In this case, the inferences properly arising from defendant's lack of precaution in investigating whether or not the seller was the true owner of the car, considered together with defendant's conduct immediately after he purchased the car, cannot be said to point unerringly and conclusively to the guilt of defendant and to exclude every other reasonable hypothesis than that of guilt; and for such reasons it is the opinion of this court that the state has failed to establish guilty knowledge on the part of *Page 117 defendant by evidence sufficient to sustain the verdict and judgment.
This case was not tried as closely as it should have been on the part of the state. Apparently, other witnesses were available to the prosecution had their attendance been sought, who, perhaps, were in possession of evidence which, if defendant is guilty of the crime charged, could more clearly establish that fact.
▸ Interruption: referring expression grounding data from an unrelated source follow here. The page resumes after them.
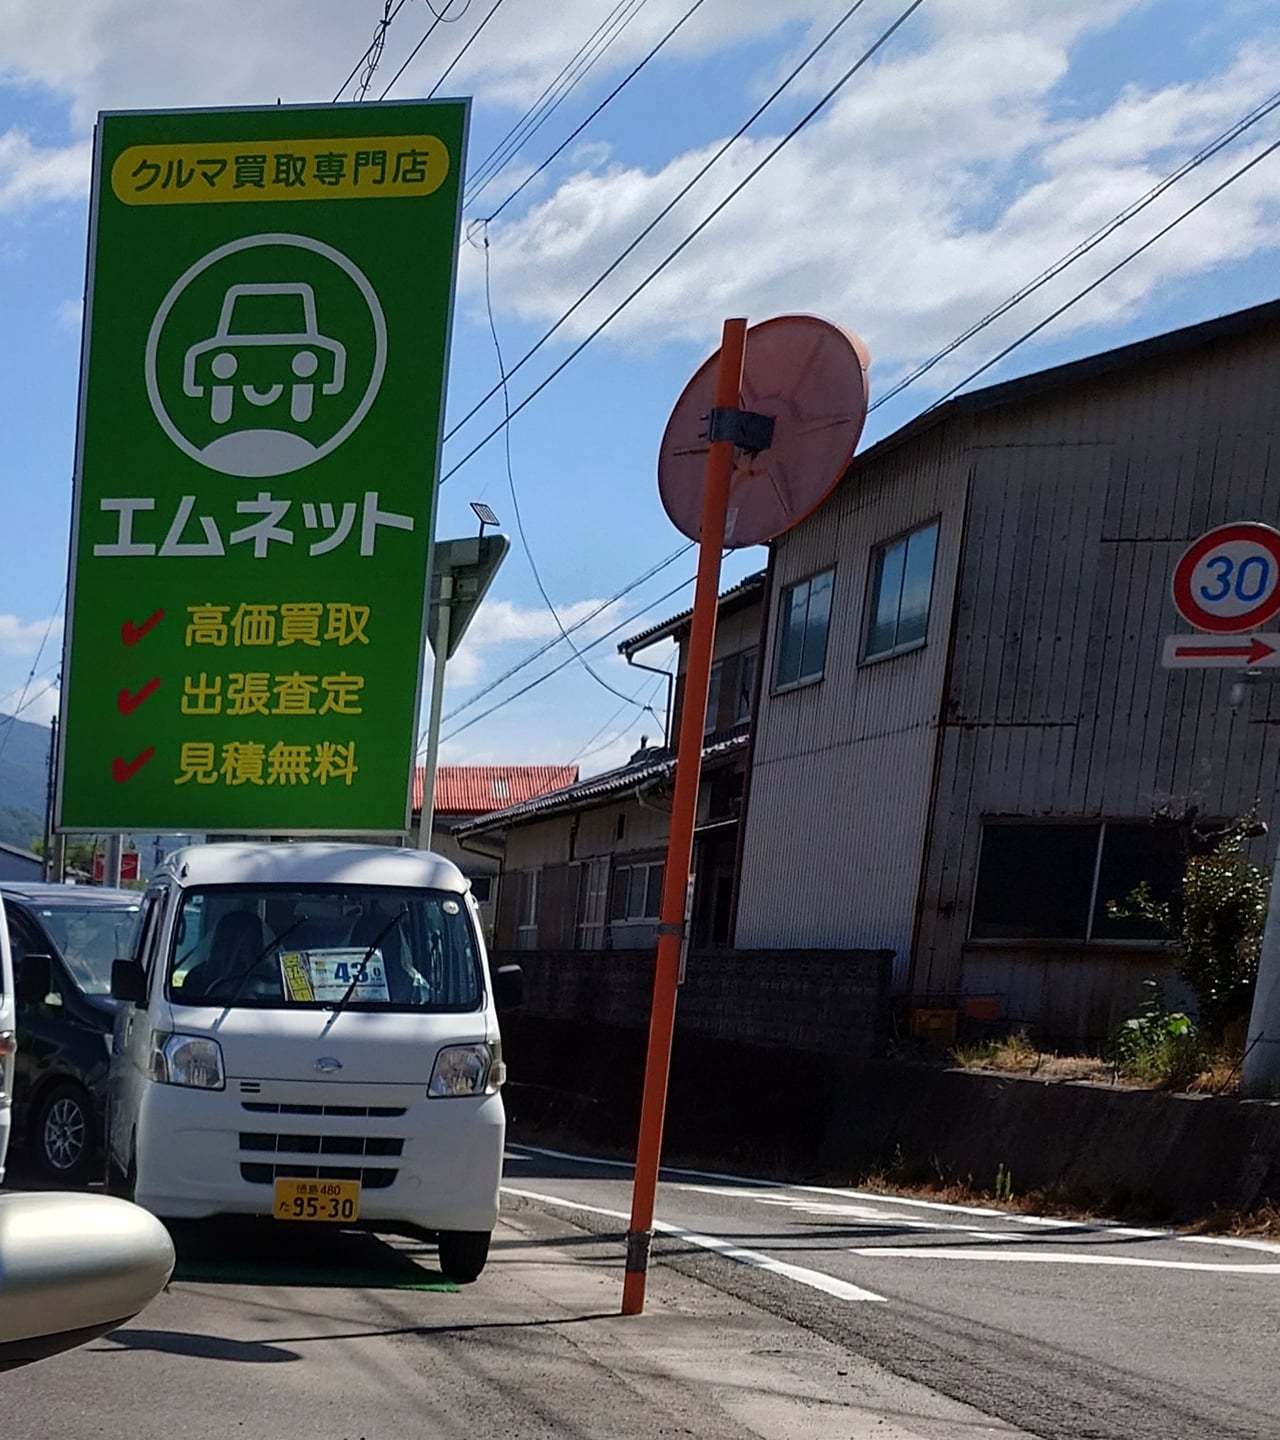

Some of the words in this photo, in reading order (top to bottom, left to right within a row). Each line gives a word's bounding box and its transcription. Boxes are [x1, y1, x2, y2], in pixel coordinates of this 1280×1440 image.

[130, 147, 430, 193] クルマ買取専門店
[93, 491, 415, 559] エムネット
[1200, 555, 1270, 602] 30
[184, 602, 371, 648] 高価買取
[179, 672, 365, 716] 出張査定
[173, 742, 359, 787] 見積無料
[292, 1196, 354, 1218] 95-30
For such reason, it is the opinion of this court that this cause should not be dismissed, but that the judgment should be reversed and the cause remanded to the trial court, with directions to grant defendant a new trial, upon which trial the state may be in position to produce other evidence than that adduced at this trial, such as will fully meet the requirements of law regarding circumstantial evidence and establish the element of guilty knowledge on the part of defendant to that extent required by the law. This court cannot safely permit a judgment of conviction to stand unreversed, where one material element of the offense rests alone upon evidence which amounts merely to suppositions or suspicions of guilt.
Judgment reversed, and the cause remanded for a new trial.